L’enquête publique relative au projet de règlement de publicité intercommunal (RLPi) d’Angers loire Loire Métropole se déroule du 3 septembre au 4 octobre. Au travers de cette consultation, la population est invitée à s’exprimer sur son cadre de vie pour la décennie future.

Angers, overdose publicitaire !

Le numérique pour le meilleur...

En décembre 2018, Angers Loire Métropole (ALM) lançait le projet « territoire intelligent », reposant « sur une utilisation efficace et partagée des nouvelles technologies » et dont l’un des objectifs est d’ «économiser les ressources pour accélérer la transition écologique du territoire »
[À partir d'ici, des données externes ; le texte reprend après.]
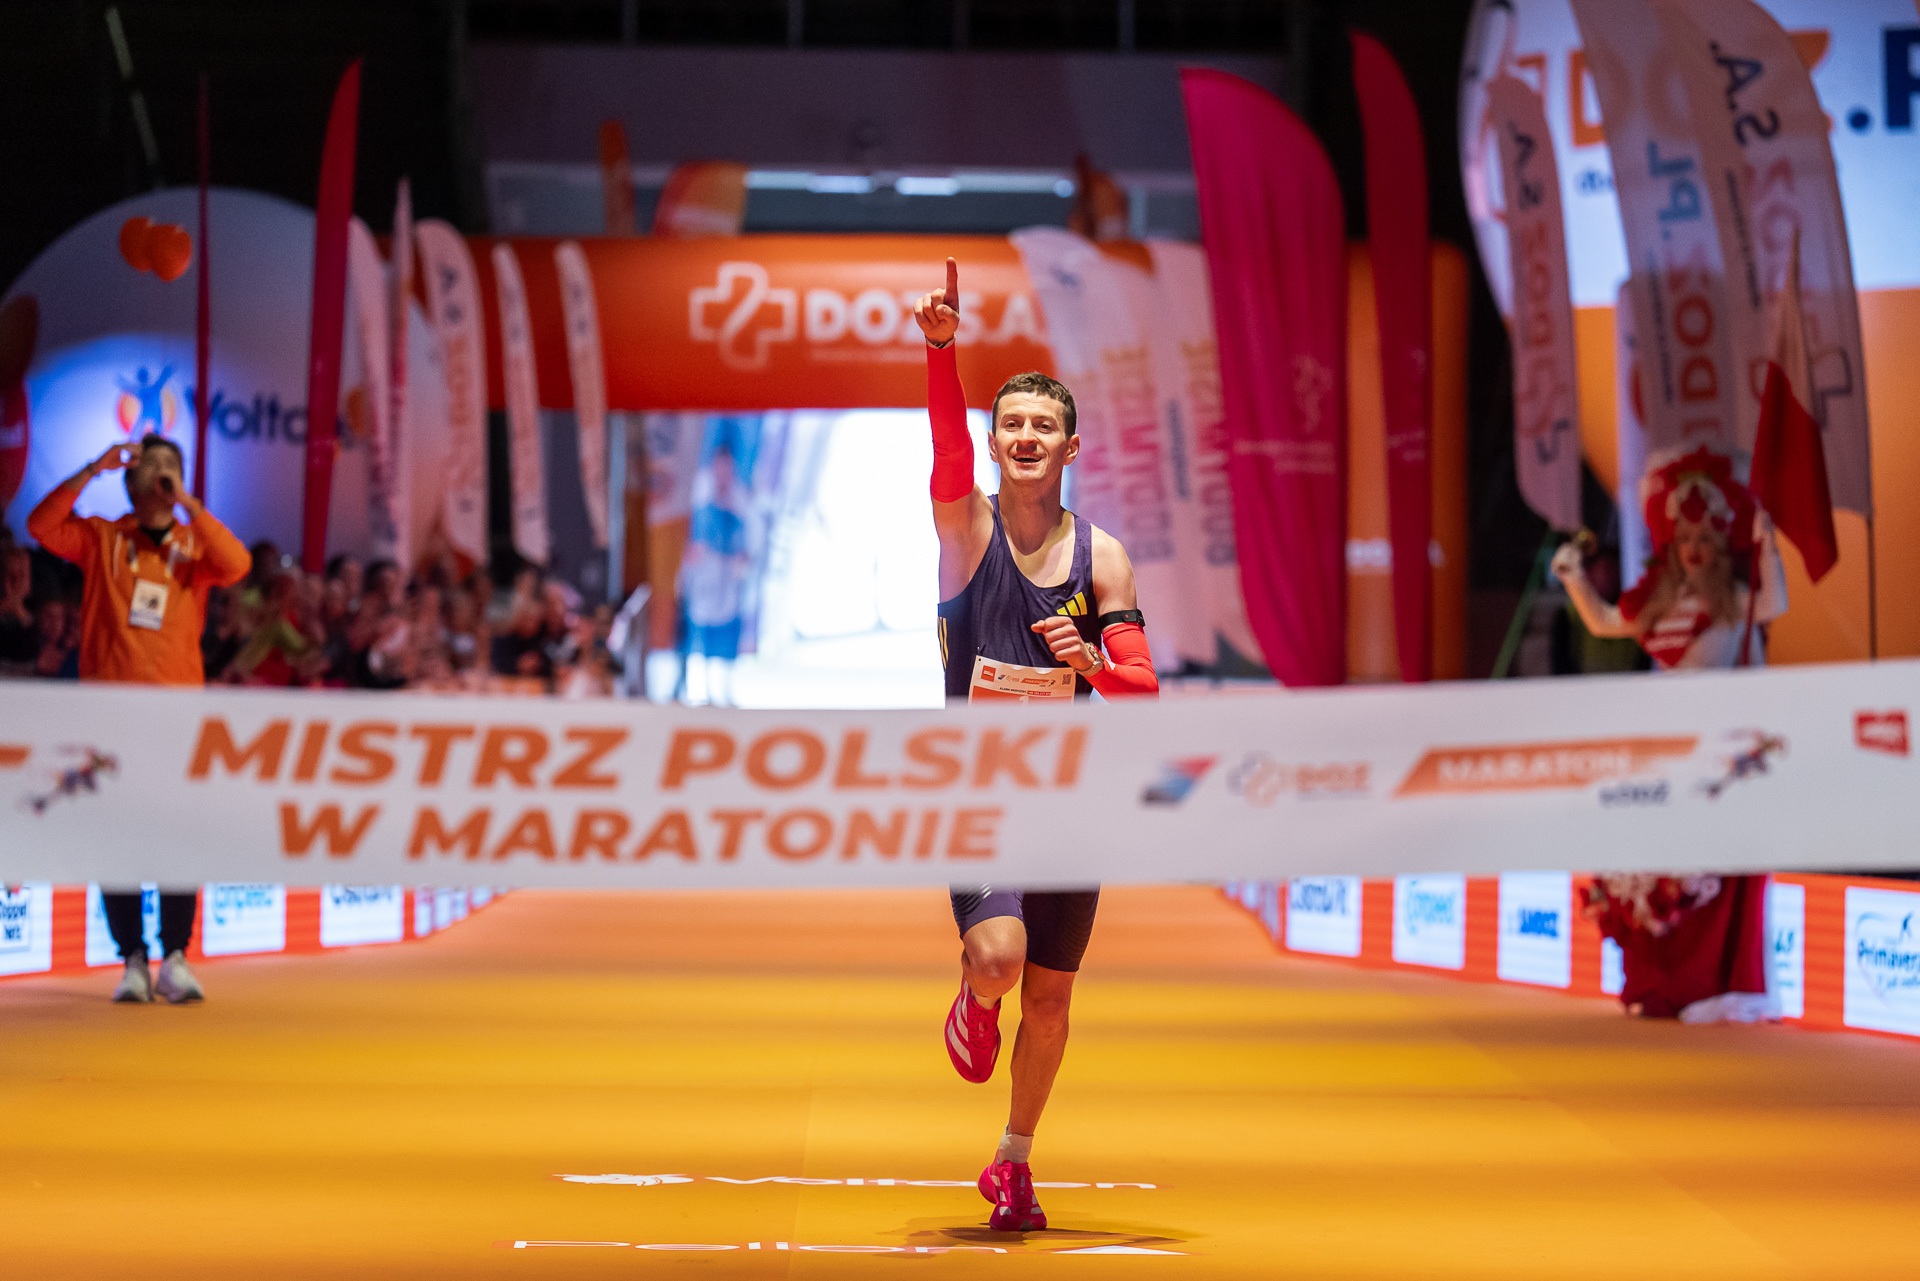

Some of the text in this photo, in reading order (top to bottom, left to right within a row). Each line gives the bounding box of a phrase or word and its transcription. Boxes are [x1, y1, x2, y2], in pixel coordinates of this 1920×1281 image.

Les possibilités offertes actuellement par le numérique, alliées à l’expertise de nombreuses entreprises angevines spécialisées dans ce domaine peuvent en effet permettre une réelle amélioration du cadre de vie grâce à une meilleure gestion de l’éclairage public, une gestion fine de l’arrosage des espaces verts, la régulation des flux de circulation automobile ou le stationnement.

… et pour le pire

Mais il est un domaine qui a été soigneusement écarté de ce projet. Il s’agit en effet du règlement local de publicité intercommunal (RLPi) qui lui aussi utilise au maximum les possibilités offertes par les technologies numériques.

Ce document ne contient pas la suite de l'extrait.